### Aim of the task:
Only the text belongs in the copy. Transcribe the data exactly and drop any pictures.

### Records for processing:
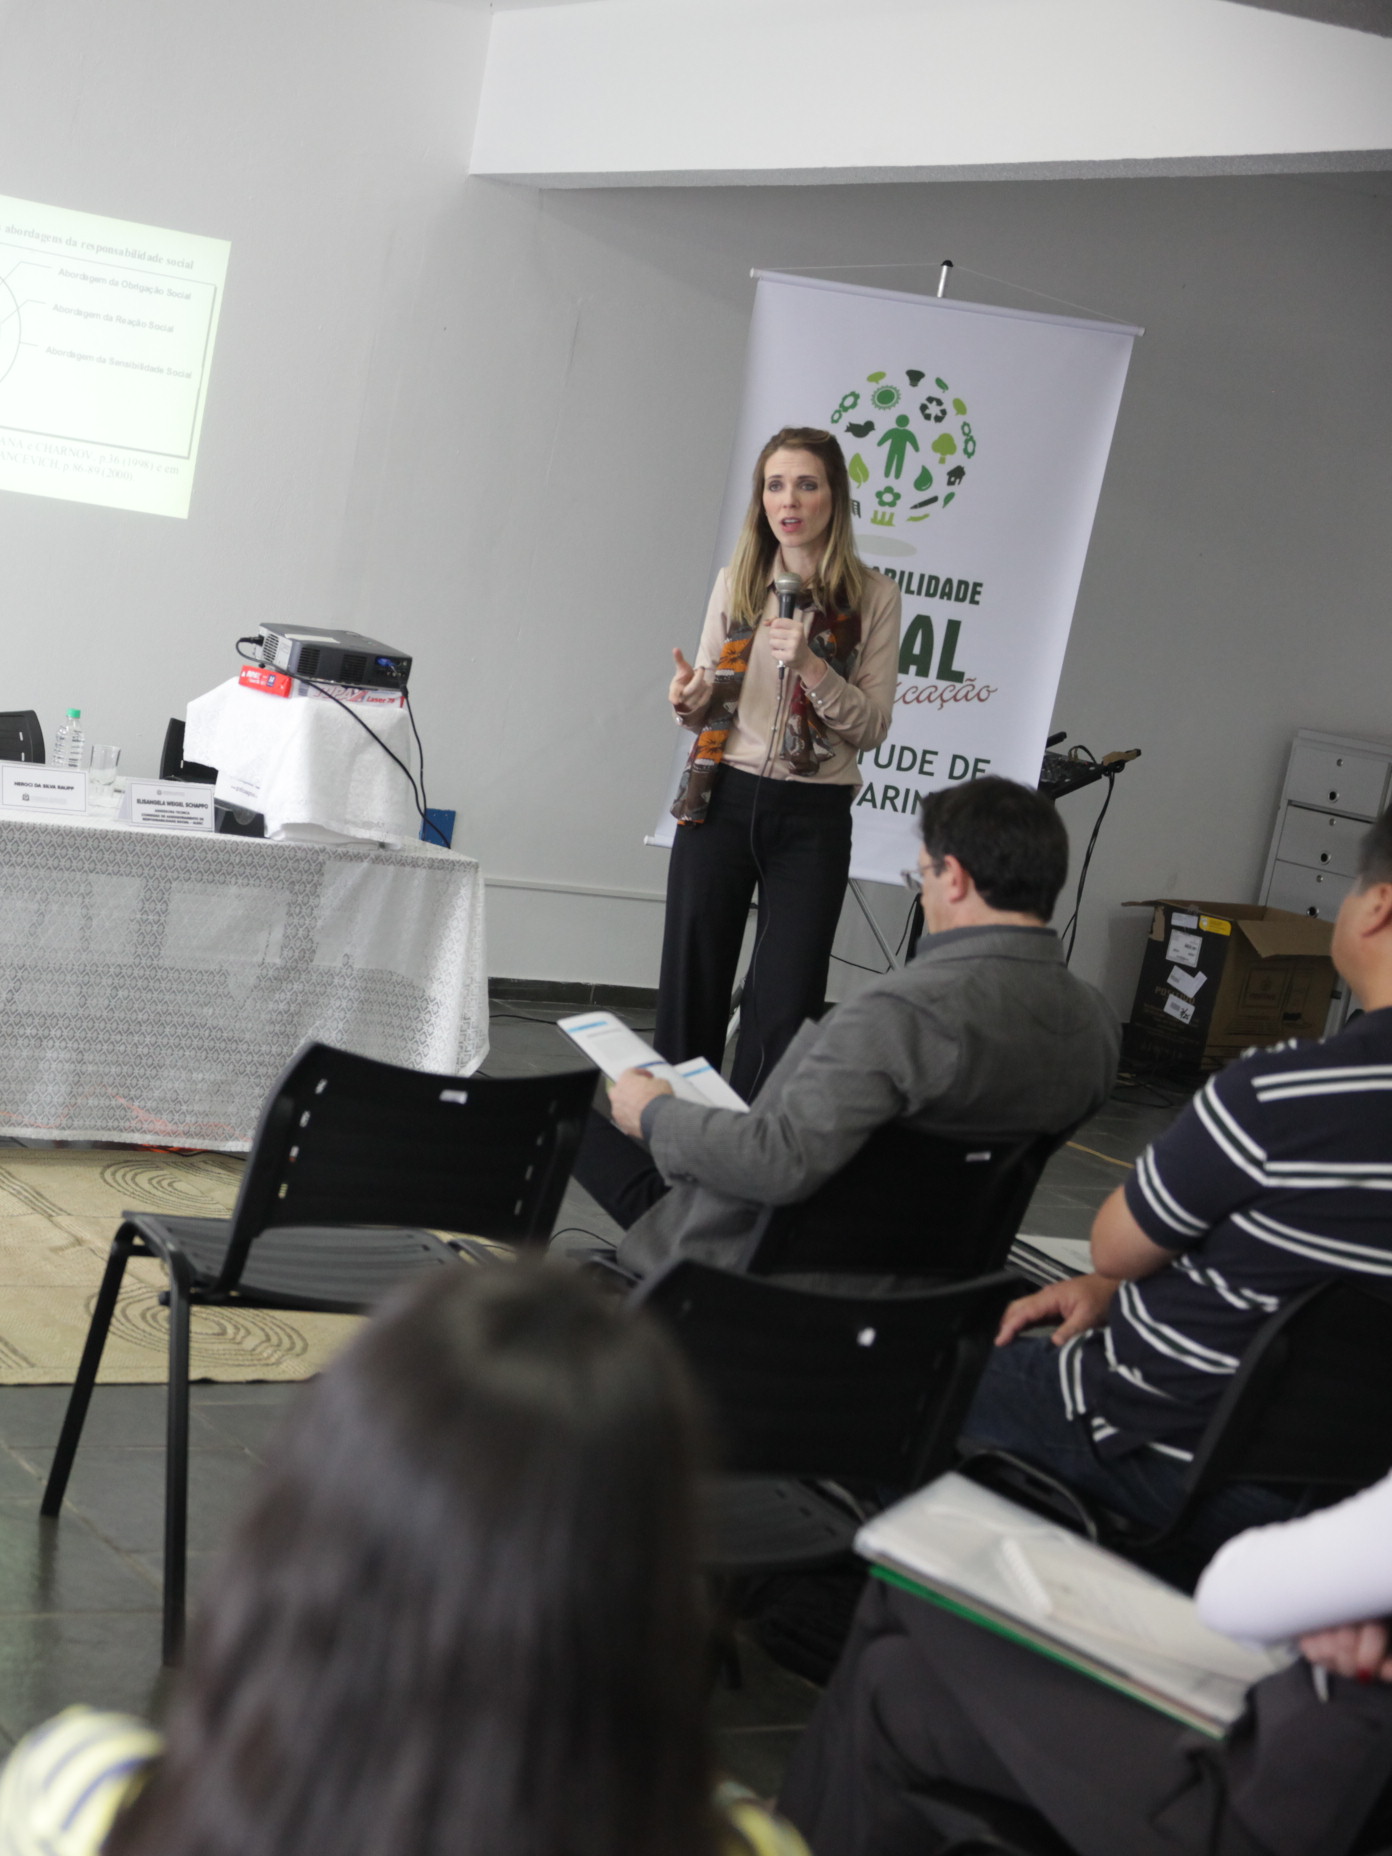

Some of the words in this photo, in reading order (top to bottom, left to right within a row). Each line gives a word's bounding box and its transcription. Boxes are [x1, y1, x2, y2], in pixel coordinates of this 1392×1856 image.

[5, 224, 62, 244] abordagens
[65, 236, 77, 247] da
[81, 240, 163, 263] responsabilidade
[166, 258, 194, 270] social
[58, 268, 107, 284] Abordagem
[121, 280, 164, 294] Obrigação
[167, 288, 191, 300] Social
[52, 304, 101, 319] Abordagem
[103, 313, 113, 322] da
[115, 315, 147, 328] Reação
[148, 321, 174, 333] Social
[45, 346, 94, 361] Abordagem
[96, 355, 106, 364] da
[108, 357, 164, 374] Sensibilidade
[166, 367, 192, 379] Social
[898, 614, 965, 684] AL
[948, 754, 991, 780] DE
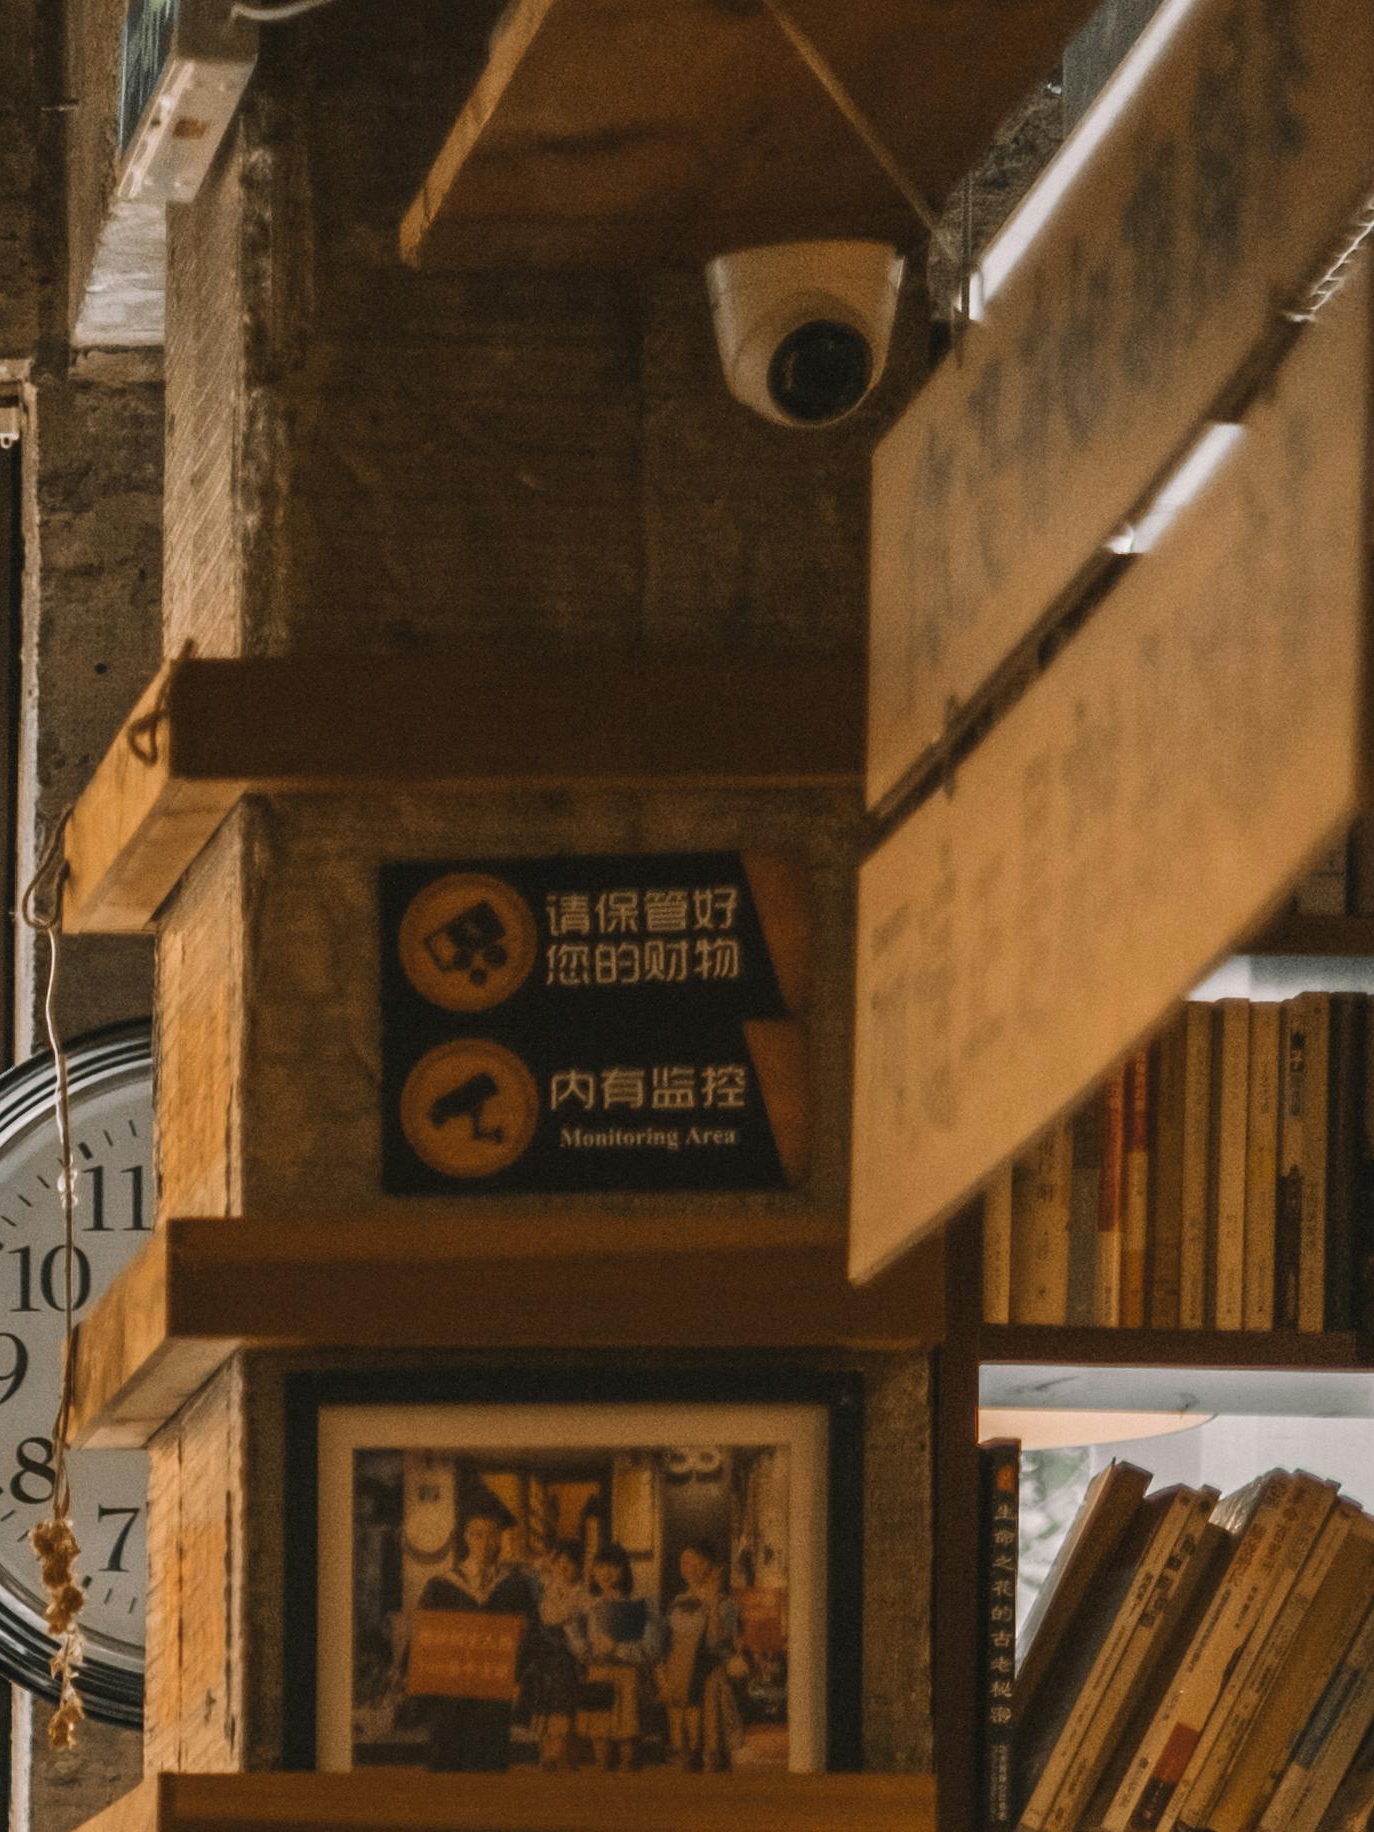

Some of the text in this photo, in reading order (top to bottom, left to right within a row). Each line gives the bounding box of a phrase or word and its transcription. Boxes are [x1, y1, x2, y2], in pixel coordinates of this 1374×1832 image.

### Final answer:
Some of the words in this photo, in reading order (top to bottom, left to right within a row). Each line gives a word's bounding box and its transcription. Boxes are [x1, y1, x2, y2], in pixel coordinates of this 1392×1856 image.

[5, 224, 62, 244] abordagens
[65, 236, 77, 247] da
[81, 240, 163, 263] responsabilidade
[166, 258, 194, 270] social
[58, 268, 107, 284] Abordagem
[121, 280, 164, 294] Obrigação
[167, 288, 191, 300] Social
[52, 304, 101, 319] Abordagem
[103, 313, 113, 322] da
[115, 315, 147, 328] Reação
[148, 321, 174, 333] Social
[45, 346, 94, 361] Abordagem
[96, 355, 106, 364] da
[108, 357, 164, 374] Sensibilidade
[166, 367, 192, 379] Social
[898, 614, 965, 684] AL
[948, 754, 991, 780] DE

Some of the text in this photo, in reading order (top to bottom, left to right within a row). Each line gives the bounding box of a phrase or word and its transcription. Boxes are [x1, y1, x2, y2], in pixel coordinates of this 1374×1832 image.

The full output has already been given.